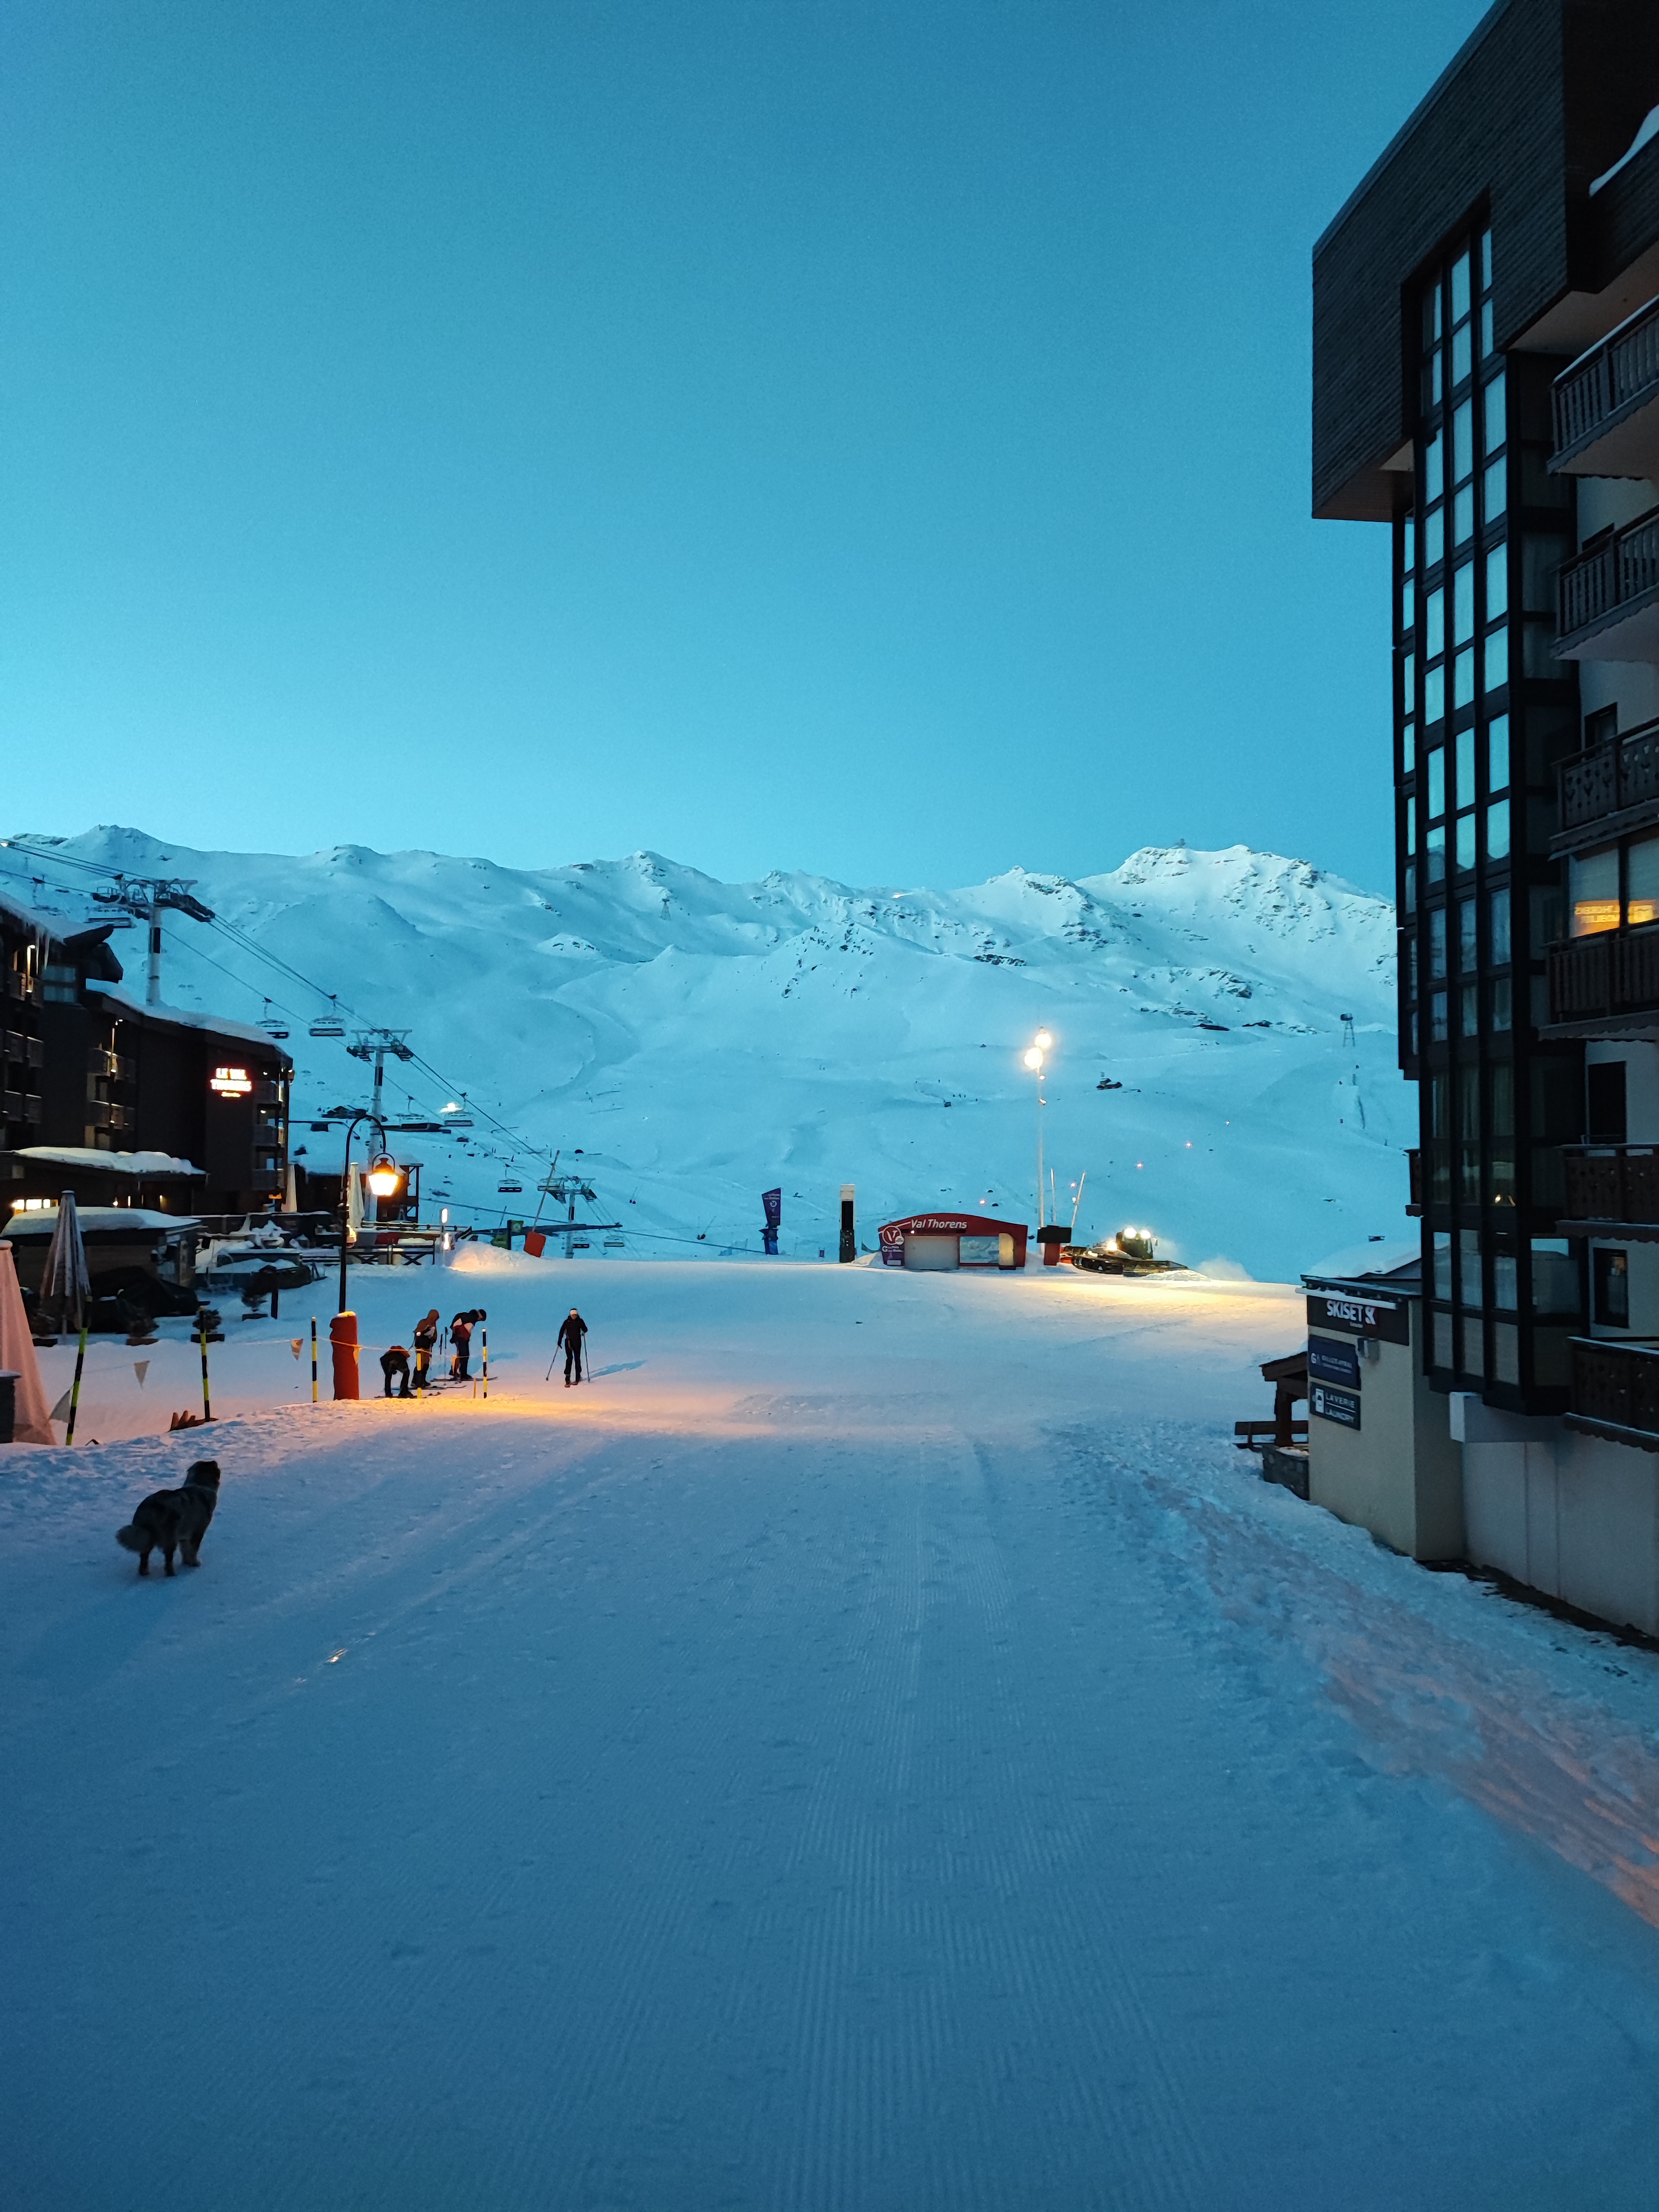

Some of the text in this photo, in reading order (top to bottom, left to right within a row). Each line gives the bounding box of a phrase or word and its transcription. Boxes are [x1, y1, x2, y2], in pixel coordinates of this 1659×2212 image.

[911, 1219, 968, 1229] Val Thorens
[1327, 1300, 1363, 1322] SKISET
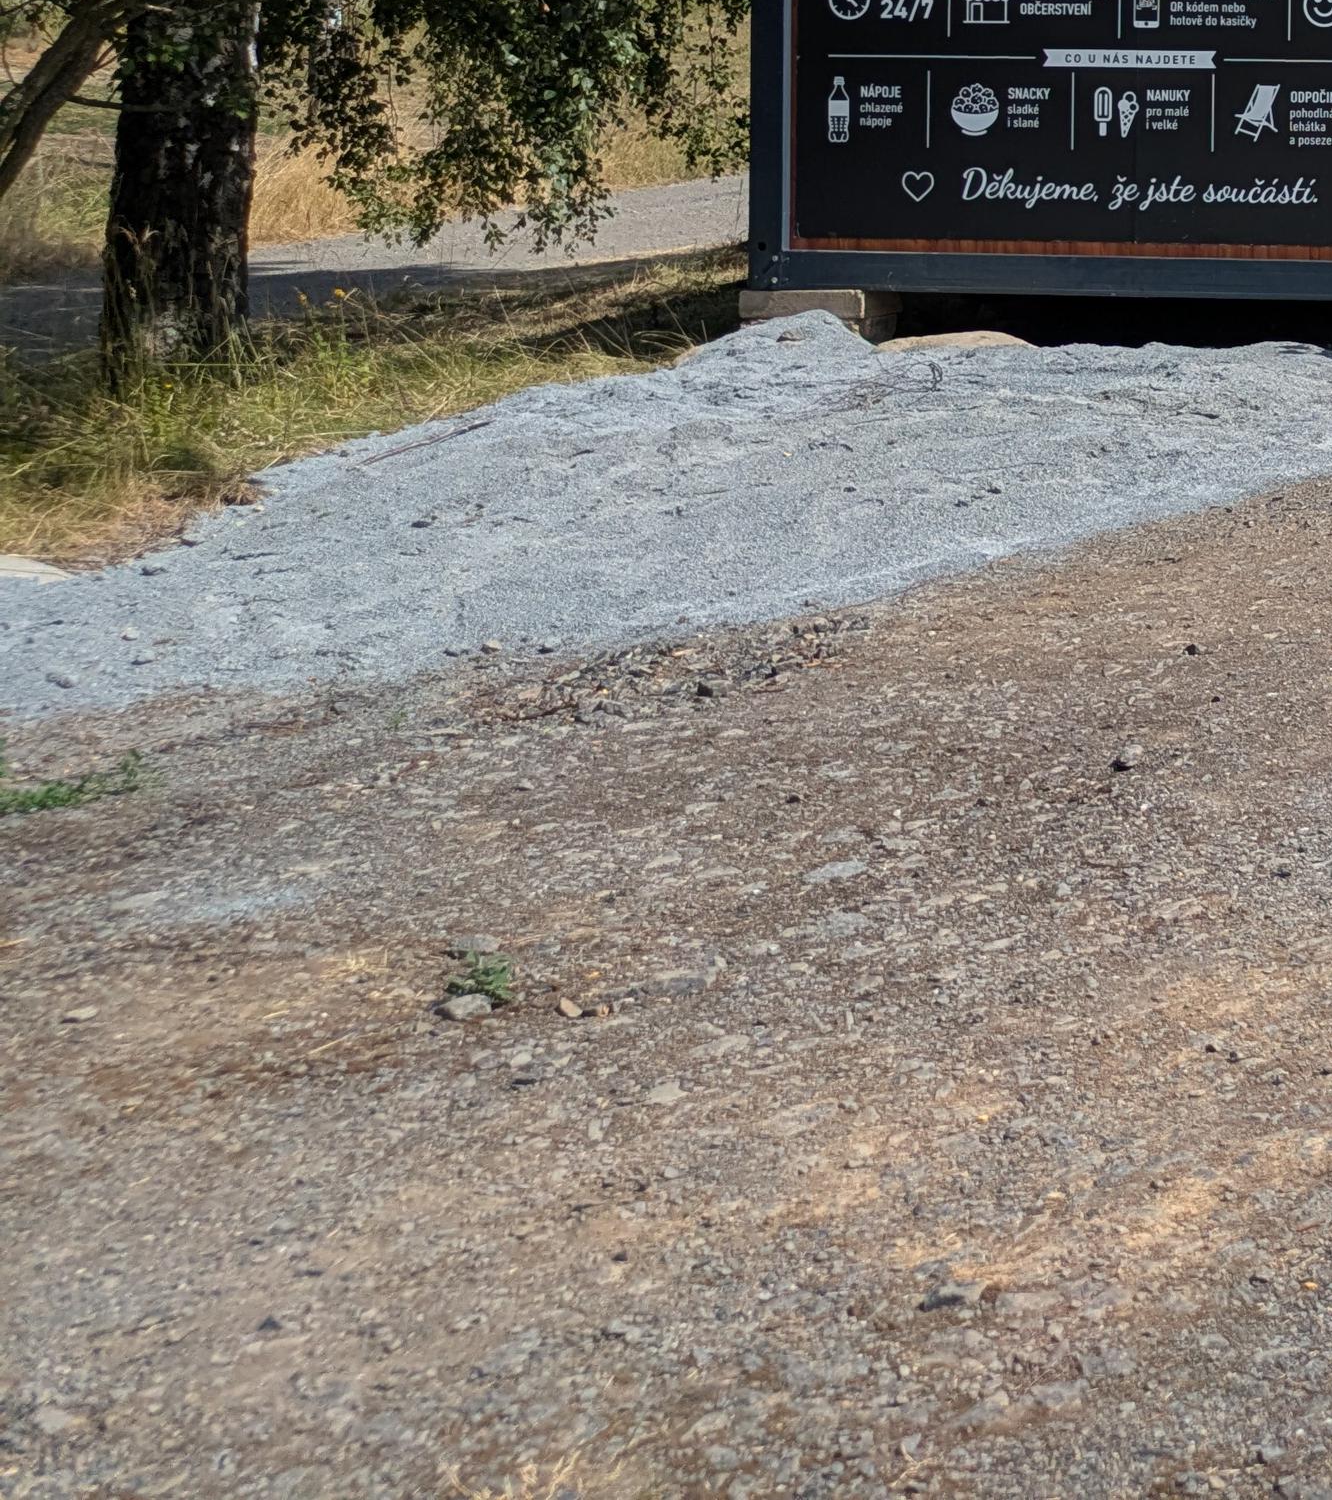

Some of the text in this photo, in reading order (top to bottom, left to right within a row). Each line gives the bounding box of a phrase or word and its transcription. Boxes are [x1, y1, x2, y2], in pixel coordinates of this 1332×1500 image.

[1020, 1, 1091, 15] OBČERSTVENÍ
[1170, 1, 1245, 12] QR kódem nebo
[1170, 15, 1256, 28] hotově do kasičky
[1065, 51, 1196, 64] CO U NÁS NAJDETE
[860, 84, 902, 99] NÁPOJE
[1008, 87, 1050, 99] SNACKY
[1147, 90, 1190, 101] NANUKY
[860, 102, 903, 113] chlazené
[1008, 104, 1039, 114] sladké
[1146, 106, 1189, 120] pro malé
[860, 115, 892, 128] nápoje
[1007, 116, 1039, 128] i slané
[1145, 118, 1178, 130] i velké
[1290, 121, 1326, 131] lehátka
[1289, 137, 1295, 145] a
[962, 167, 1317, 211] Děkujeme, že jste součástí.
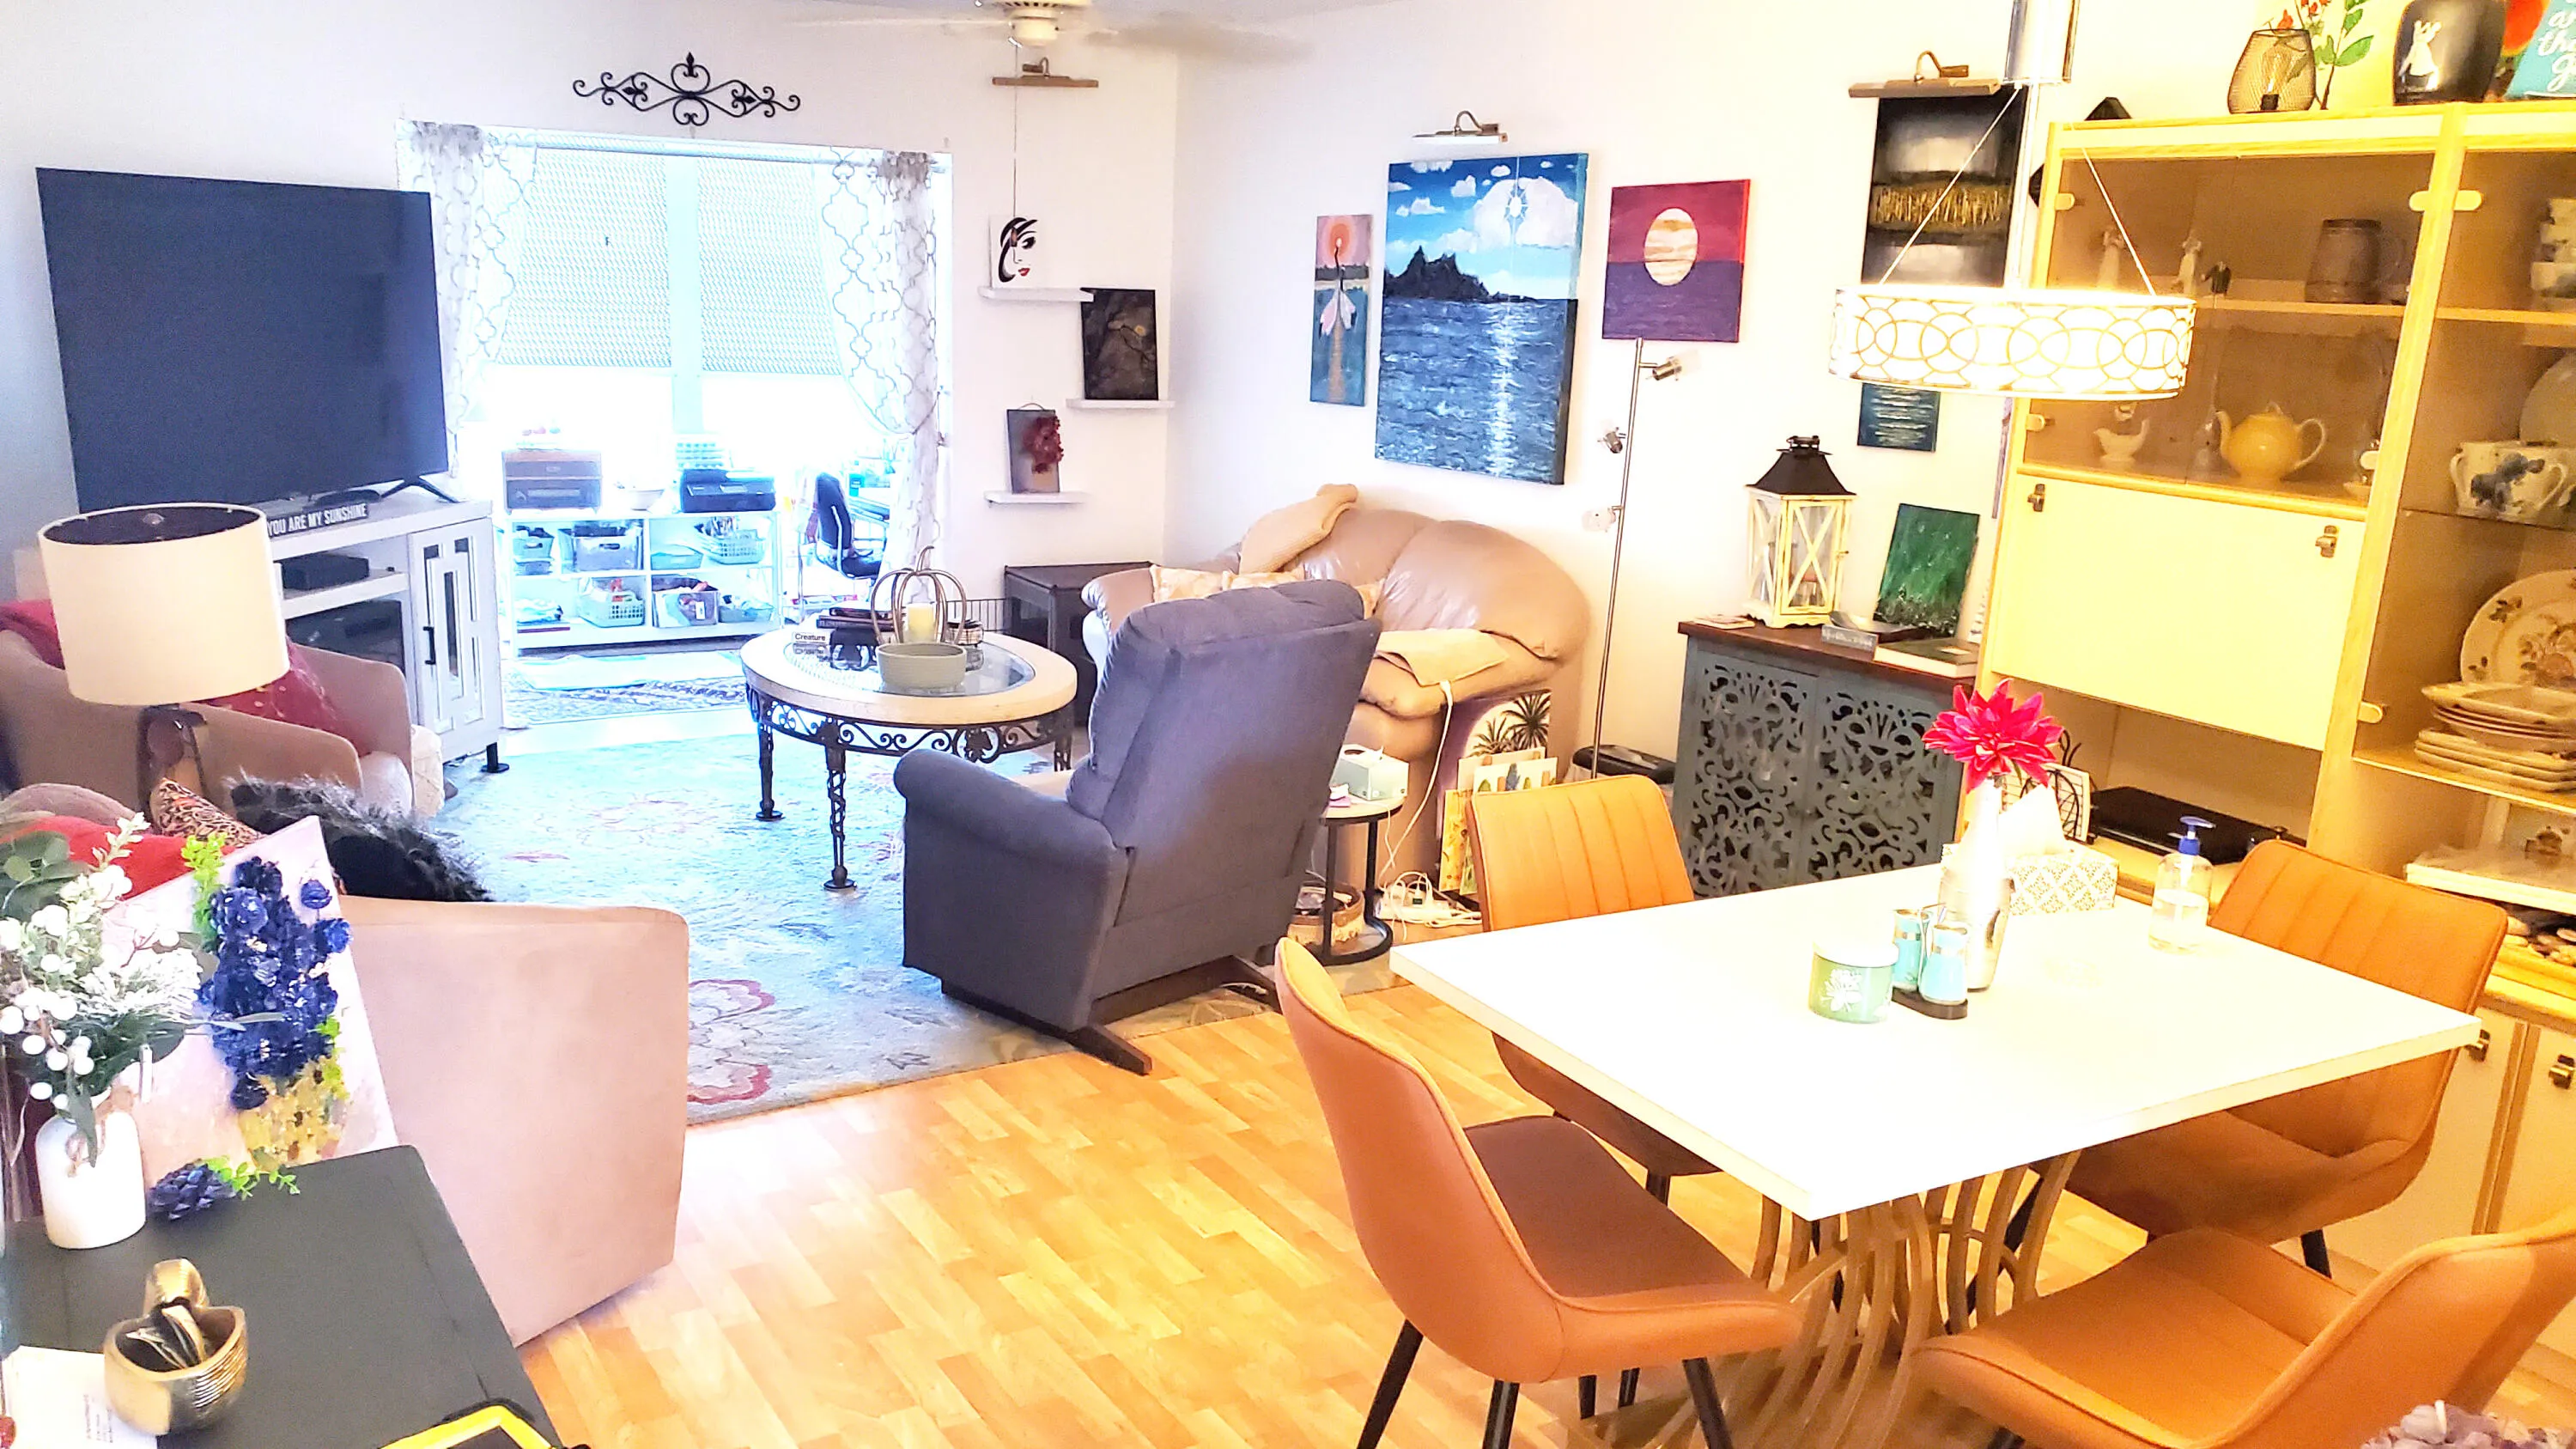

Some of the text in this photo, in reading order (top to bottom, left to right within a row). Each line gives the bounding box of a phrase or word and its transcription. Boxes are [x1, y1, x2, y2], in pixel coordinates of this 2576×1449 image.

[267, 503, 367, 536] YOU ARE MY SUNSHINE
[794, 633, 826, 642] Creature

Task brief: Return the complete material above exactly, with no picture.

Answer for the task:
Some of the text in this photo, in reading order (top to bottom, left to right within a row). Each line gives the bounding box of a phrase or word and its transcription. Boxes are [x1, y1, x2, y2], in pixel coordinates of this 1659×2212 image.

[911, 1219, 968, 1229] Val Thorens
[1327, 1300, 1363, 1322] SKISET

Some of the text in this photo, in reading order (top to bottom, left to right within a row). Each line gives the bounding box of a phrase or word and its transcription. Boxes are [x1, y1, x2, y2], in pixel coordinates of this 1332×1500 image.

[1020, 1, 1091, 15] OBČERSTVENÍ
[1170, 1, 1245, 12] QR kódem nebo
[1170, 15, 1256, 28] hotově do kasičky
[1065, 51, 1196, 64] CO U NÁS NAJDETE
[860, 84, 902, 99] NÁPOJE
[1008, 87, 1050, 99] SNACKY
[1147, 90, 1190, 101] NANUKY
[860, 102, 903, 113] chlazené
[1008, 104, 1039, 114] sladké
[1146, 106, 1189, 120] pro malé
[860, 115, 892, 128] nápoje
[1007, 116, 1039, 128] i slané
[1145, 118, 1178, 130] i velké
[1290, 121, 1326, 131] lehátka
[1289, 137, 1295, 145] a
[962, 167, 1317, 211] Děkujeme, že jste součástí.

Some of the text in this photo, in reading order (top to bottom, left to right within a row). Each line gives the bounding box of a phrase or word and its transcription. Boxes are [x1, y1, x2, y2], in pixel coordinates of this 2576×1449 image.

[267, 503, 367, 536] YOU ARE MY SUNSHINE
[794, 633, 826, 642] Creature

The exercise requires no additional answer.